:: How to complete this task ::
The entries that follow should come back exactly, with no pictures among them.

━━━━━━━━━━━━━━━━━━━━

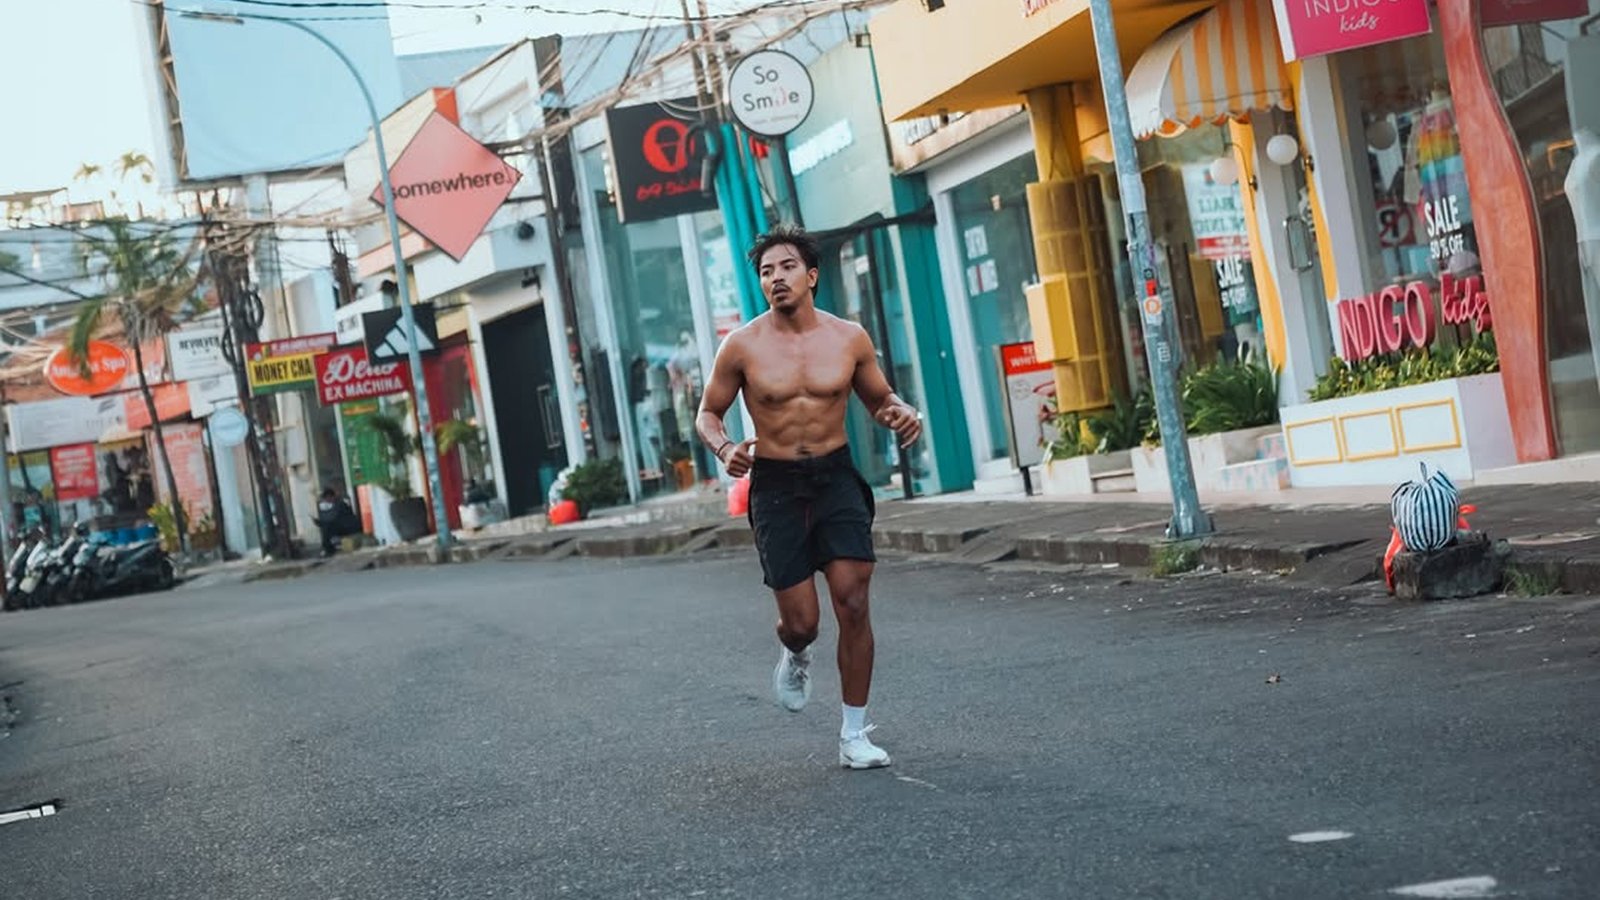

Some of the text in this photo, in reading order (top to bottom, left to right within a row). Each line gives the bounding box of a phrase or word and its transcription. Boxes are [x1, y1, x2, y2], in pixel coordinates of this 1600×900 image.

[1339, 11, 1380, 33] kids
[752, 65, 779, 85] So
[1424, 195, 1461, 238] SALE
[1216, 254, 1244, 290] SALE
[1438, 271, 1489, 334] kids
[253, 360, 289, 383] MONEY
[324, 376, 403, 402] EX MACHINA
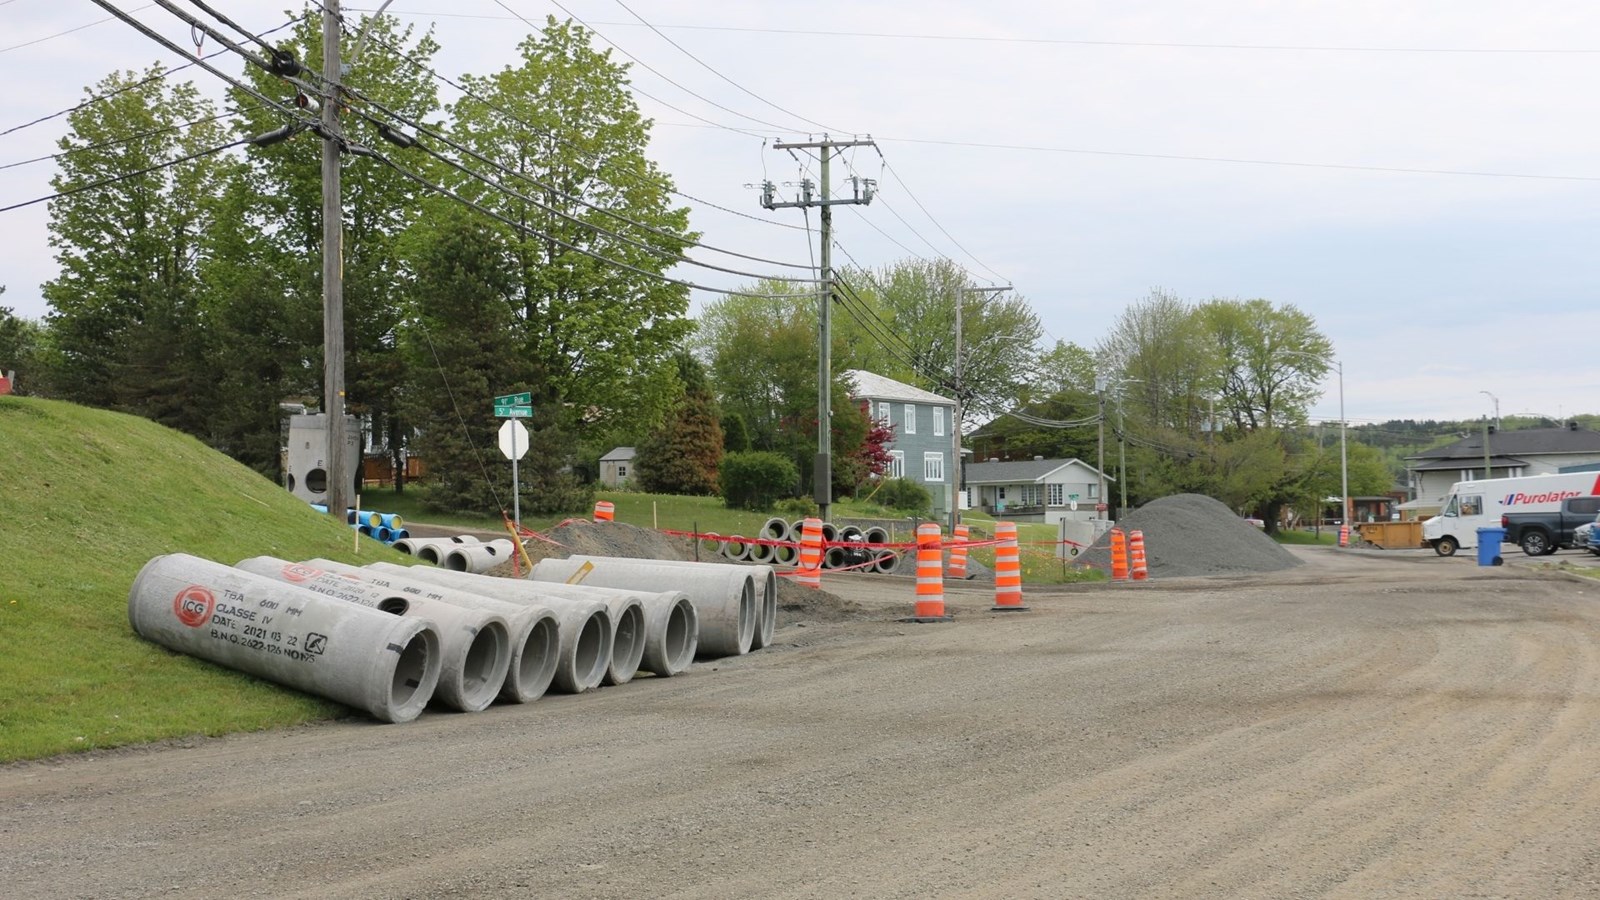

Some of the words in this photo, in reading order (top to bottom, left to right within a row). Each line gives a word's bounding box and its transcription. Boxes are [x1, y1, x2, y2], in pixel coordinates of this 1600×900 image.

━━━━━━━━━━━━━━━━━━━━

:: Answer to the exercise ::
Some of the text in this photo, in reading order (top to bottom, left to right within a row). Each line gives the bounding box of a phrase or word and its transcription. Boxes are [x1, y1, x2, y2], in pixel coordinates of this 1600×900 image.

[1339, 11, 1380, 33] kids
[752, 65, 779, 85] So
[1424, 195, 1461, 238] SALE
[1216, 254, 1244, 290] SALE
[1438, 271, 1489, 334] kids
[253, 360, 289, 383] MONEY
[324, 376, 403, 402] EX MACHINA

Some of the words in this photo, in reading order (top to bottom, left to right within a row). Each line gives a word's bounding box and its transcription. Boxes are [x1, y1, x2, y2], in pixel coordinates of this 1600×900 image.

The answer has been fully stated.